-- Opening Marker --

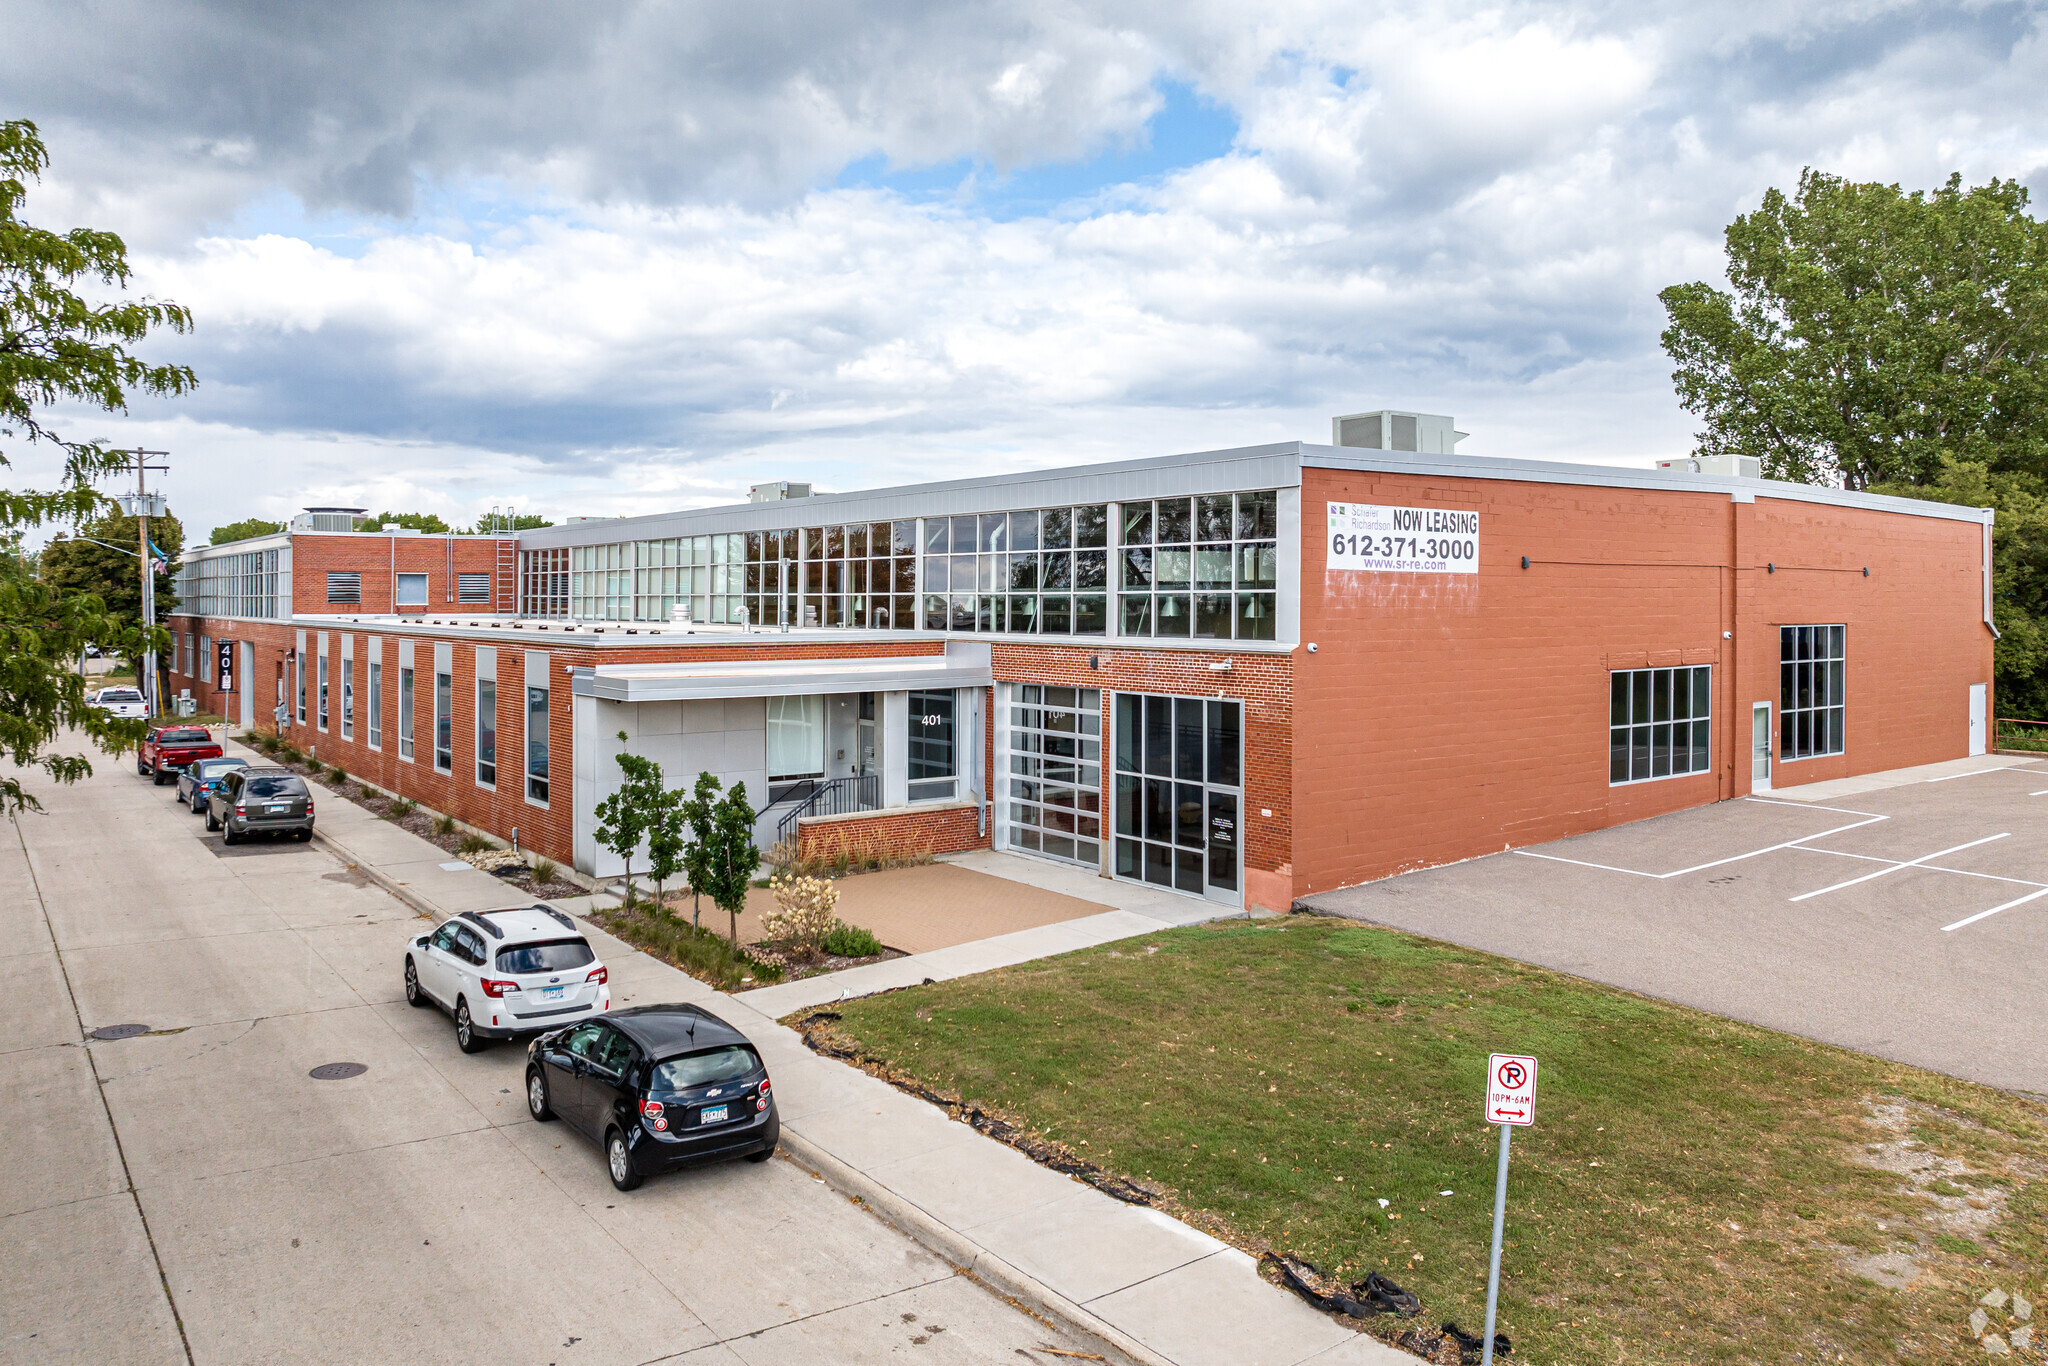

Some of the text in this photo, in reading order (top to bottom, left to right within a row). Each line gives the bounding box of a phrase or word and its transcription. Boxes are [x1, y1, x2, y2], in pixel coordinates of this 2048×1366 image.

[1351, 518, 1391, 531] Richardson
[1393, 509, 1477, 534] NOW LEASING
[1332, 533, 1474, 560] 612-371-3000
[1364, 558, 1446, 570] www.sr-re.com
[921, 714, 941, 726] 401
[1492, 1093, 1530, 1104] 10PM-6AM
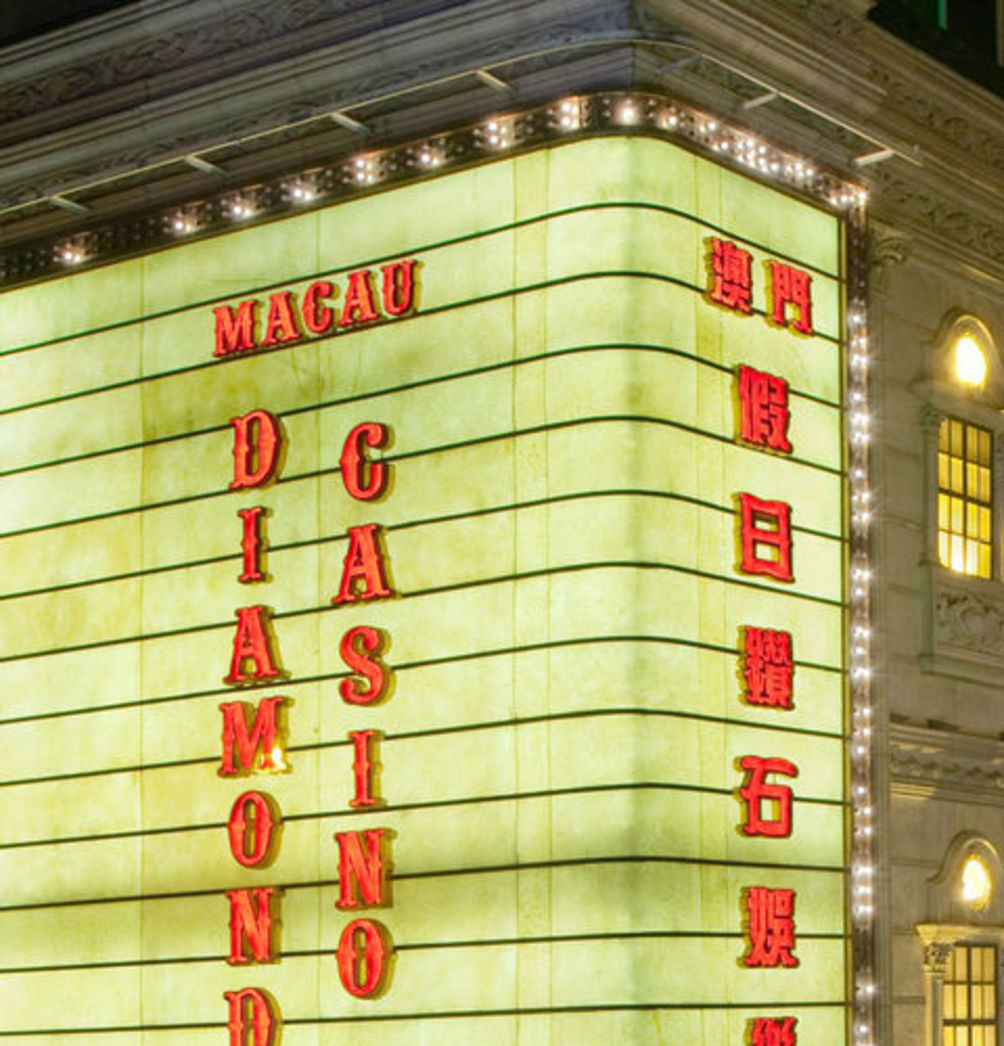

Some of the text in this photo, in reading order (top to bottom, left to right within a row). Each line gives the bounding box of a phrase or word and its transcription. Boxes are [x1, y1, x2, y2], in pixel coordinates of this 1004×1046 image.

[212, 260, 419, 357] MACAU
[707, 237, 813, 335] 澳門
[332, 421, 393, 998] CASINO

-- Closing Marker --

--- What to work on ---
Copy out the entries above in full and exactly, skipping every picture.

--- Completed task ---
Some of the text in this photo, in reading order (top to bottom, left to right within a row). Each line gives the bounding box of a phrase or word and its transcription. Boxes are [x1, y1, x2, y2], in pixel coordinates of this 2048×1366 image.

[1351, 518, 1391, 531] Richardson
[1393, 509, 1477, 534] NOW LEASING
[1332, 533, 1474, 560] 612-371-3000
[1364, 558, 1446, 570] www.sr-re.com
[921, 714, 941, 726] 401
[1492, 1093, 1530, 1104] 10PM-6AM

Some of the text in this photo, in reading order (top to bottom, left to right within a row). Each line gives the bounding box of a phrase or word and its transcription. Boxes are [x1, y1, x2, y2], in pixel coordinates of this 1004×1046 image.

[212, 260, 419, 357] MACAU
[707, 237, 813, 335] 澳門
[332, 421, 393, 998] CASINO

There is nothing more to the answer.